The cost analysis further highlights the trade-offs. Since MatBERT and GPT-4 Turbo achieved comparable F1-scores in the classification tasks, we focused our cost comparison on these two models. MatBERT requires a large amount of training data at the beginning, resulting in significant human labeling cost, but once trained, it incurs almost no additional cost.

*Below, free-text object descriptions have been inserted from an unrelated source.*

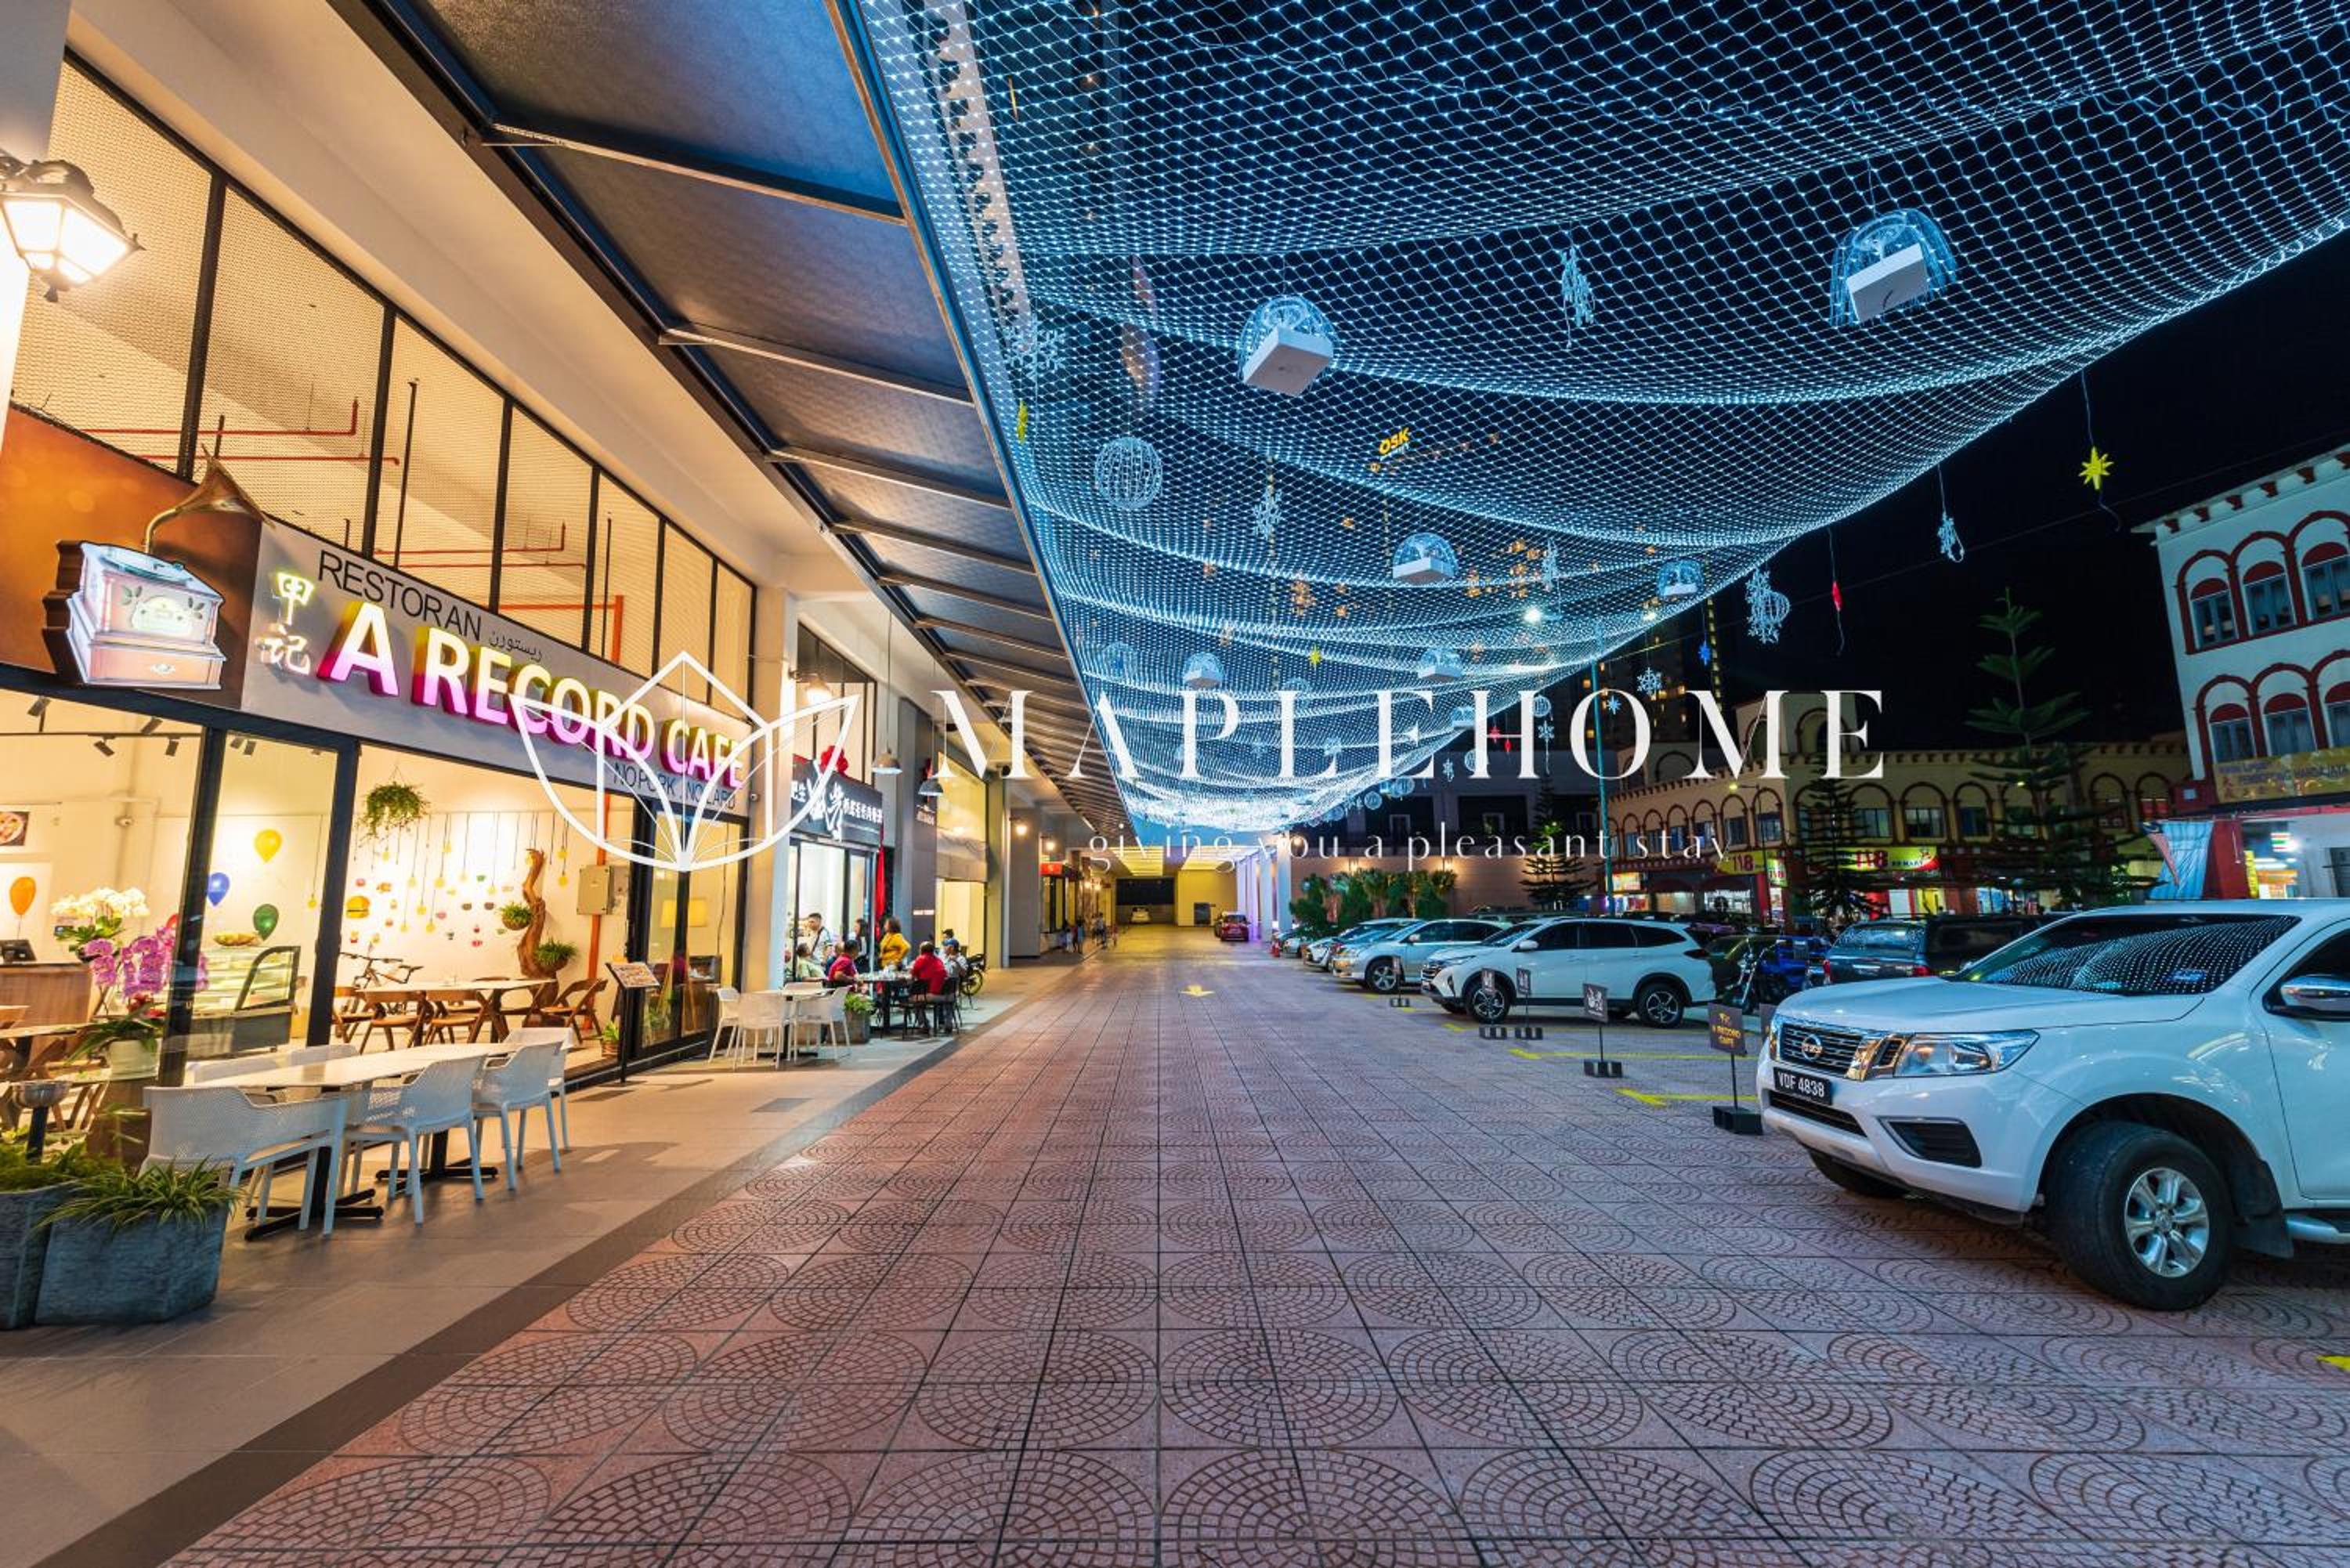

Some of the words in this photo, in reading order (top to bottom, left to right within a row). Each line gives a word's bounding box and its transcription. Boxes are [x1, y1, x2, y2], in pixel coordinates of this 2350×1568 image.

[318, 550, 483, 641] RESTORAN
[316, 602, 400, 697] A
[412, 627, 655, 763] RECORD
[661, 718, 745, 789] CAFE
[1732, 854, 1755, 873] 118
[1856, 851, 1889, 869] 118
[1797, 1077, 1825, 1098] 4838

GPT-4, in contrast, requires only a small number of examples for setup, so the initial cost is low, but each classification generates API usage fees, causing the cost to increase progressively with more data. Given their similar performance, the choice between these two models can be determined by cost efficiency depending on dataset size. We found that GPT-4 is more cost-effective for datasets below 2500 paragraphs, with MatBERT becoming the better choice for larger volumes (Fig. S5). The resulting structured database comprises 2343 papers collected from major publishers including Elsevier, ACS, RSC, and Wiley, spanning research from 2003 to 2023 across a wide range of target metal elements (Fig. S6).

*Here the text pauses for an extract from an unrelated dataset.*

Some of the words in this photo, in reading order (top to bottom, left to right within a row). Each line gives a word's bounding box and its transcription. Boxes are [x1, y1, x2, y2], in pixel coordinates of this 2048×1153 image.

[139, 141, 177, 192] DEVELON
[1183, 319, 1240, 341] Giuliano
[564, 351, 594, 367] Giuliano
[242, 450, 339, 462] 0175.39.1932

| Model | DB | Method | Single | Multiple | Avg | Cost |
|---|---|---|---|---|---|---|
| GPT-4o | HTML | C-RAG | 22.2% (24/108) | 20.2% (19/94) | 21.3% (43/202) | $29.2 |
| QR-RAG | 49.1% (53/108) | 44.7% (42/94) | 47.0% (95/202) | $56.9 | ||
| JSON | C-RAG | 81.5% (88/108) | 59.6% (56/94) | 71.3% (144/202) | $14.1 | |
| QR-RAG | 90.7% (98/108) | 79.8% (75/94) | 85.6% (173/202) | $17.8 | ||
| LLaMA 3.3 70B | HTML | C-RAG | 14.8% (16/108) | 10.6% (10/94) | 12.9% (26/202) | — |
| QR-RAG | 40.7% (44/108) | 35.1% (33/94) | 38.1% (77/202) | — | ||
| JSON | C-RAG | 70.4% (76/108) | 58.5% (55/94) | 64.9% (131/202) | — | |
| QR-RAG | 80.6% (87/108) | 70.2% (66/94) | 75.7% (153/202) | — |
A cost analysis further reveals significant efficiency gains. The JSON database shortens average context length and increases the proportion of relevant passages, which reduces tokens and retries. Query reformulation incurs additional cost on the HTML database because the reformulation step requires extra LLM calls before retrieval. However, this cost is offset on the JSON database since fewer and better-matched passages are supplied to the generator, thereby reducing overall token usage and retries. Operating cost decreases from $29.2 for HTML with C-RAG to $17.8 for JSON with QR-RAG, representing a 39% reduction (Table 1). Cost analysis was performed only for GPT-4o, as LLaMA 3.3-70B is an open-source model that does not incur API usage fees.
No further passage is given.